One of the most popular forms of painted manuscript is the ''book of hours,'' which served essentially as a guide to prayer seven times a day. Such books were in wide use by lay people of the aristocratic class in the late middle ages. Although the books varied in content, they often included psalms, lessons, responses, and gospel sequences, which offered the artist a range of subjects. Originating in the 13th century, these books quickly began to supersede the book of Psalms (or Psalter) as a source of prayers. In the 15th century, books of hours were sold in the marketplace, and copies survive in the tens of thousands.
The cultural variety of the current exhibit is immense. Among the examples from Northern Europe are four calendar pages and a group of large genealogical leaves by Simon Bening, the last great Flemish illuminator. These leaves represent the center of the show (which opened at the J. Paul Getty Museum in Malibu, Calif., in 1982).
One page from the celebrated ''Hours of Etienne Chevalier,'' whose leaves were apparently dispersed after the French Revolution, represents the work of the French court artist Jean Fouquet, whose luminous cityscape of Paris is owned by the Metropolitan Museum.
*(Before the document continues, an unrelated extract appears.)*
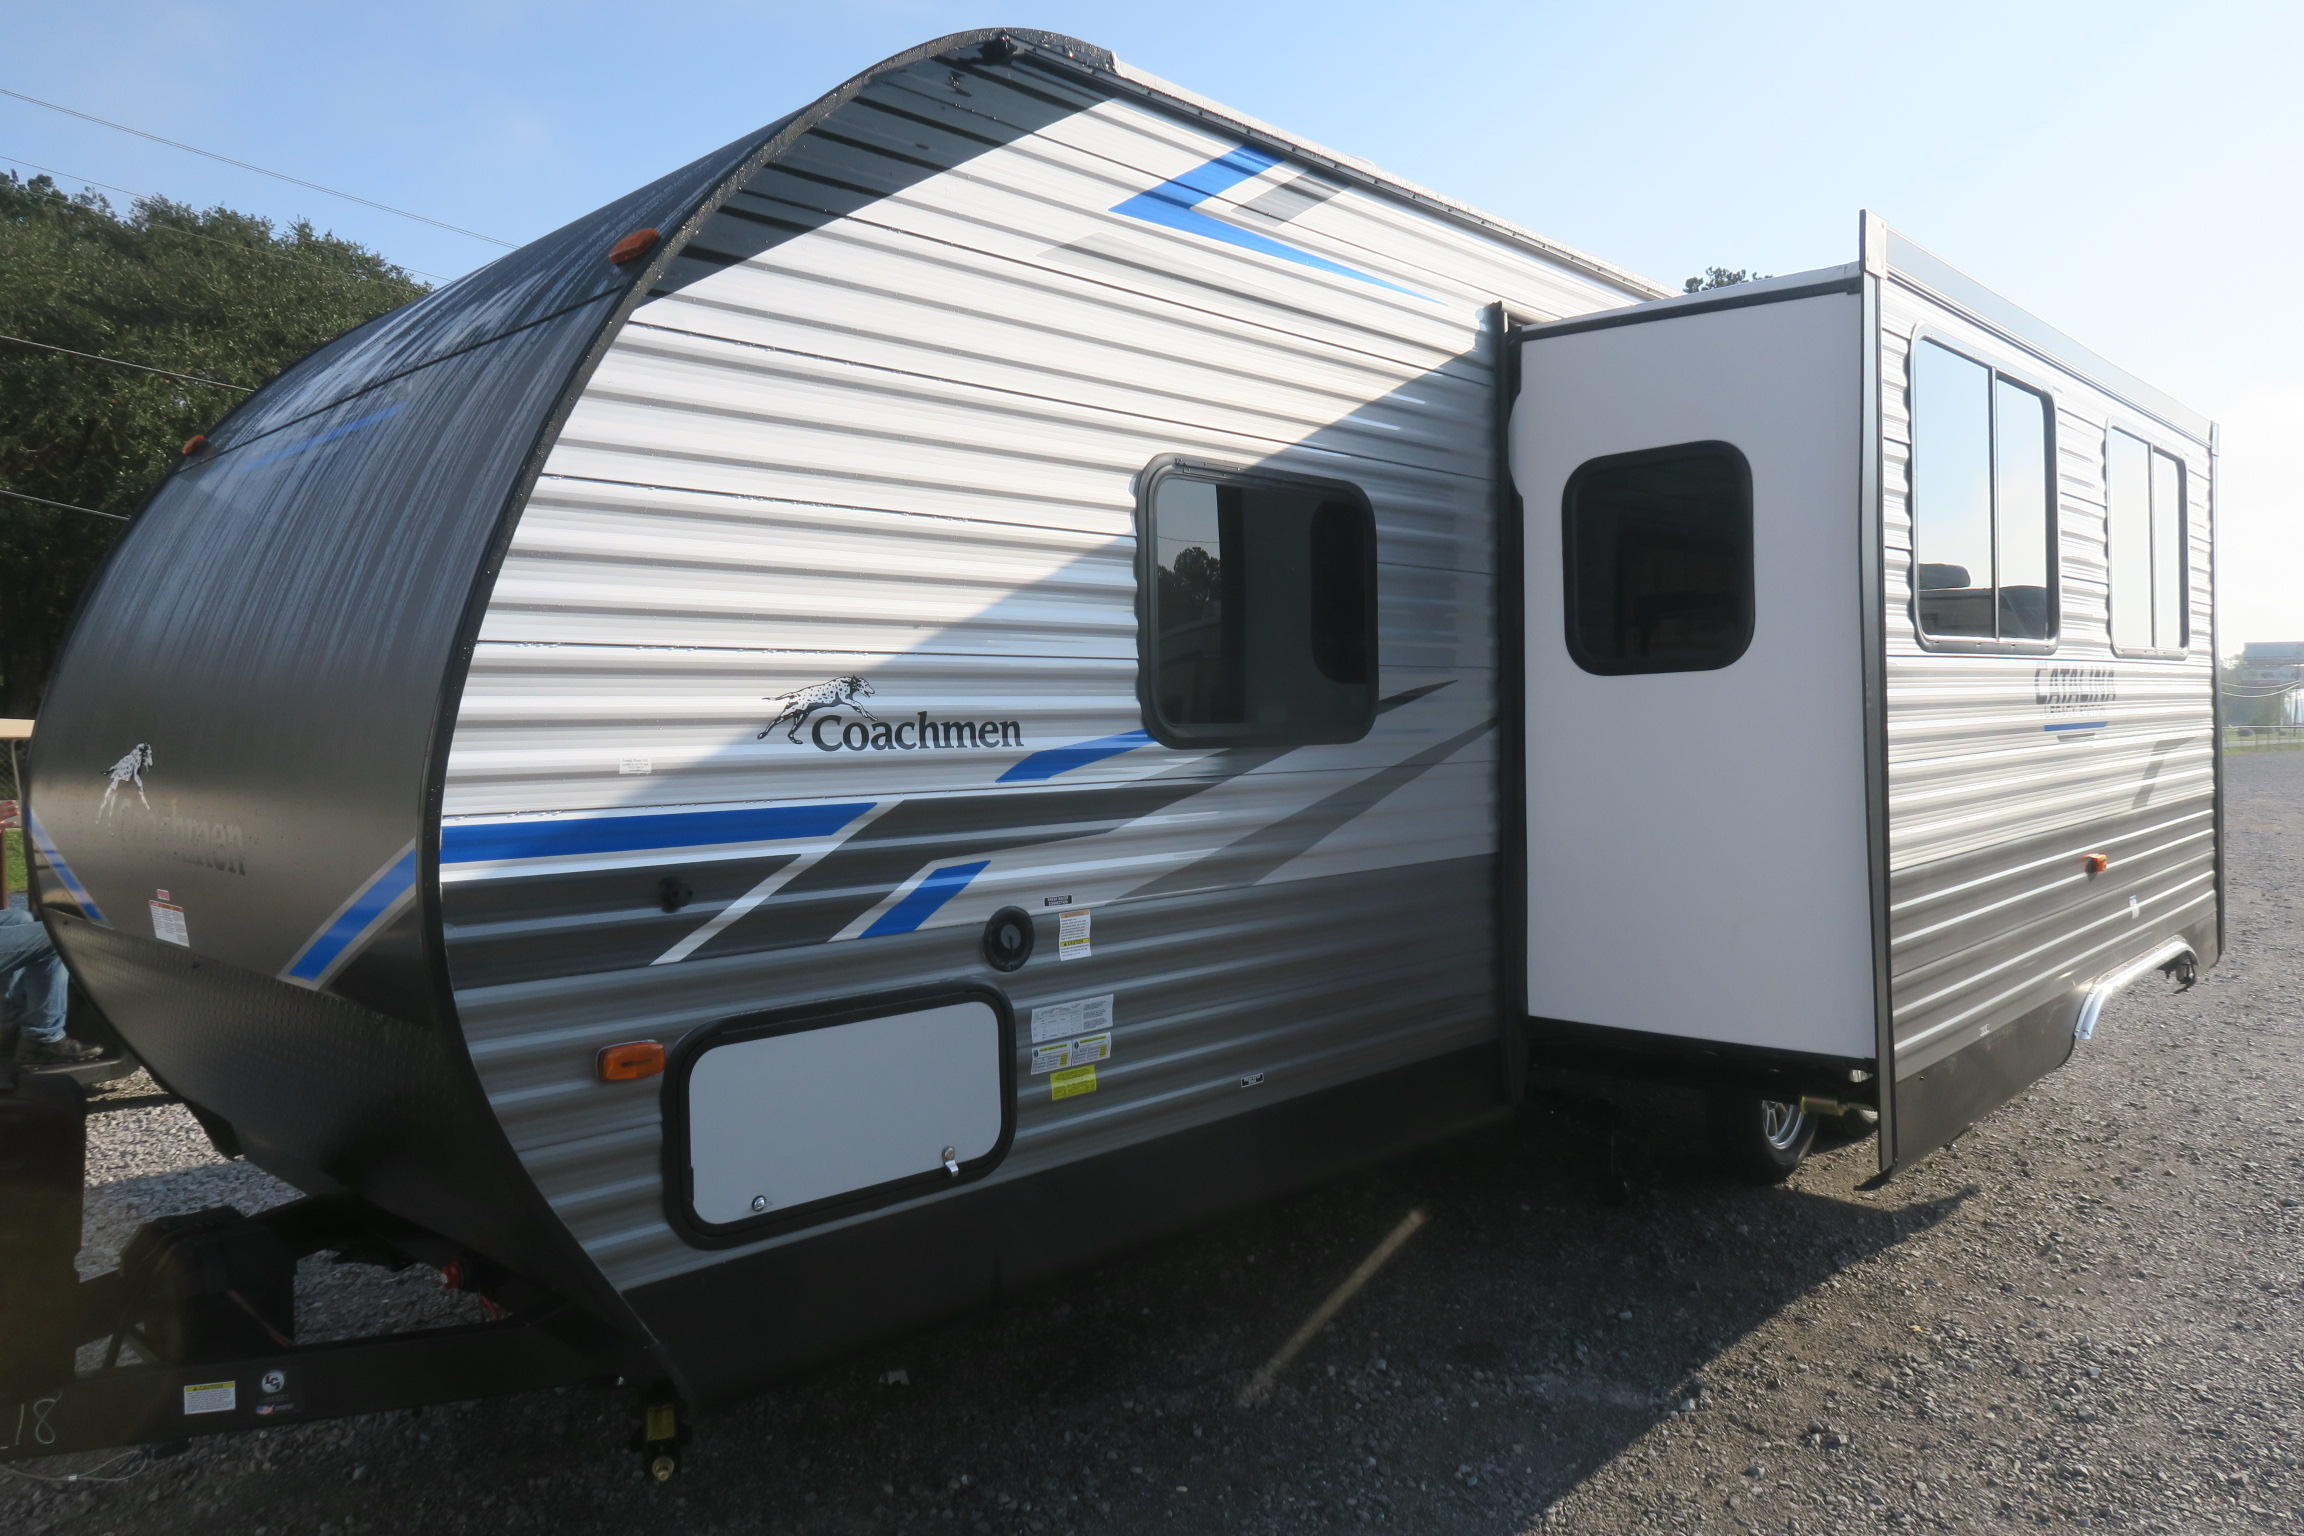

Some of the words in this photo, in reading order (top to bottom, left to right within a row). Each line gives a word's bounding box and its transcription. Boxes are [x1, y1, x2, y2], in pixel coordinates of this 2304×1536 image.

[2034, 661, 2116, 705] CATALINA
[811, 711, 1025, 752] Coachmen
[0, 1391, 63, 1450] 18
Occasionally the juxtaposition of Northern and Southern European images can be jarring. For example, Birago, an Italian, painted a series of miniatures known as ''Hours of Bona Sforza,'' from which a thief removed a number of the pieces soon after they were painted. The series was finished by the Fleming Gerard Horenbout. Horenbout harmonized the colors of his pages with his predecessor's, but painted softly textured rabbits in a delicately leafy meadow at the edge of a woods. His work can be taken as a humorous comment on the Italian's images of a hard-edged, plump putto in a stylized, linear landscape.
The catalog allows one to enjoy the variety of images in a way the exhibition does not: It seems impossible at the Morgan to pore over the exquisitely beautiful but infinitesimally detailed works as long as one would like. And, even though the book can't reproduce the full richness of color exhibited in the show, one is still grateful for its illustrations and good, scholarly text.
Examples show the range of the illuminators' style to be wide. The Paduan humanist scribe and artist, Sanvito, used wide empty vellum margins to set off the carefully chosen colored inks of his cursive script and the small, peaceful, deep-spaced ''Nativity'' inset image.
In the French ''Passion'' cycle, the borders are flamboyant and Gothic.
In the ''Breviary of Queen Isabella of Castille,'' Flemish cut wildflowers strewn in borders appear to cast shadows against the vellum around the poetic central image of ''St. John on Patmos,'' seen seated on a leafy hillside beside reflecting water. Thomas Dern calls this ''conceivably the most beautiful miniature in Flemish illumination.''
The brightly gilded frame for the French 1520s Hours Workshop's ''Annunciation to the Shepherds'' is made congruent with the simple Northern architecture behind a fuchsia-pink-garbed shepherd. Across the page, elegantly stylized leaves and a grasshopper border the text.end cho
For those who want to take in the equivalent of a wing of full-size paintings all in one room, the show will be at the Morgan until April 29. But patience is needed to assimilate the variety and to enjoy the selection. And one must face the slightly disconcerting fact that right under so many of these beautiful images lie many more leaves within the very same book - works that even this generously illustrated catalog cannot fully reveal.
Yet, like the manuscripts themselves, the book's plan - ranging from the largest context in the introductions to the infinitesimal historical and artistic detail - well rewards general readers and students alike.